**The data:**

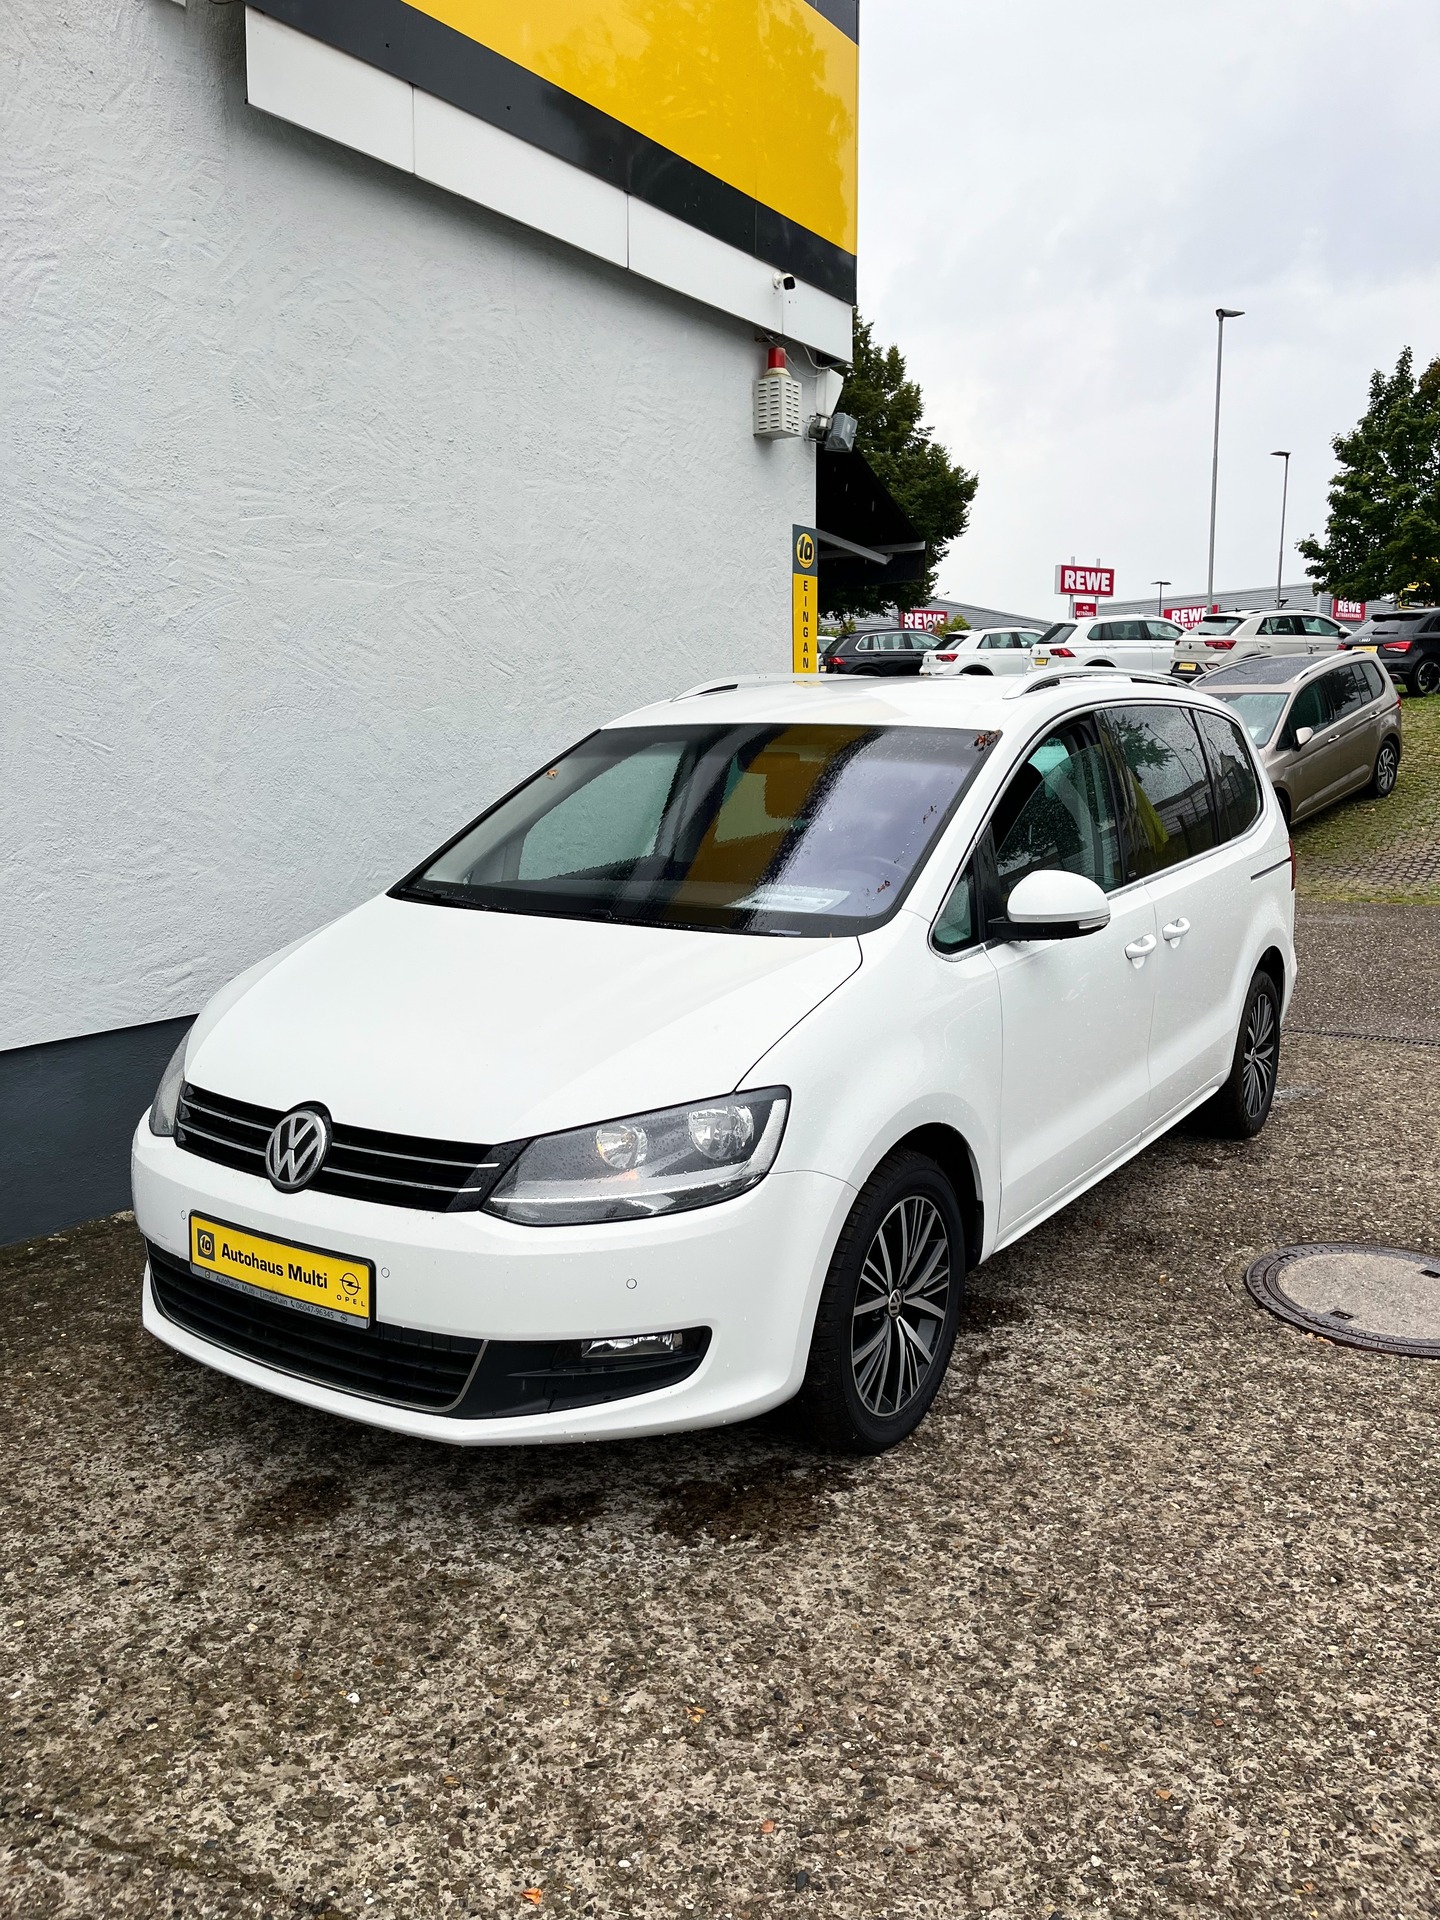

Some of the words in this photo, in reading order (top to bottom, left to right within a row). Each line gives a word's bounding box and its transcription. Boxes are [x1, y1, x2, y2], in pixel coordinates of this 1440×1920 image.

[1064, 570, 1110, 591] REWE
[1337, 600, 1361, 612] REWE
[221, 1243, 284, 1276] Autohaus
[288, 1263, 328, 1289] Multi
[215, 1275, 240, 1290] Autohaus
[336, 1294, 366, 1307] OPEL

**Aim of the task:**
Where the material contains pictures, leave them out and copy the rest verbatim.

**Result of the task:**
Some of the words in this photo, in reading order (top to bottom, left to right within a row). Each line gives a word's bounding box and its transcription. Boxes are [x1, y1, x2, y2], in pixel coordinates of this 1440×1920 image.

[1064, 570, 1110, 591] REWE
[1337, 600, 1361, 612] REWE
[221, 1243, 284, 1276] Autohaus
[288, 1263, 328, 1289] Multi
[215, 1275, 240, 1290] Autohaus
[336, 1294, 366, 1307] OPEL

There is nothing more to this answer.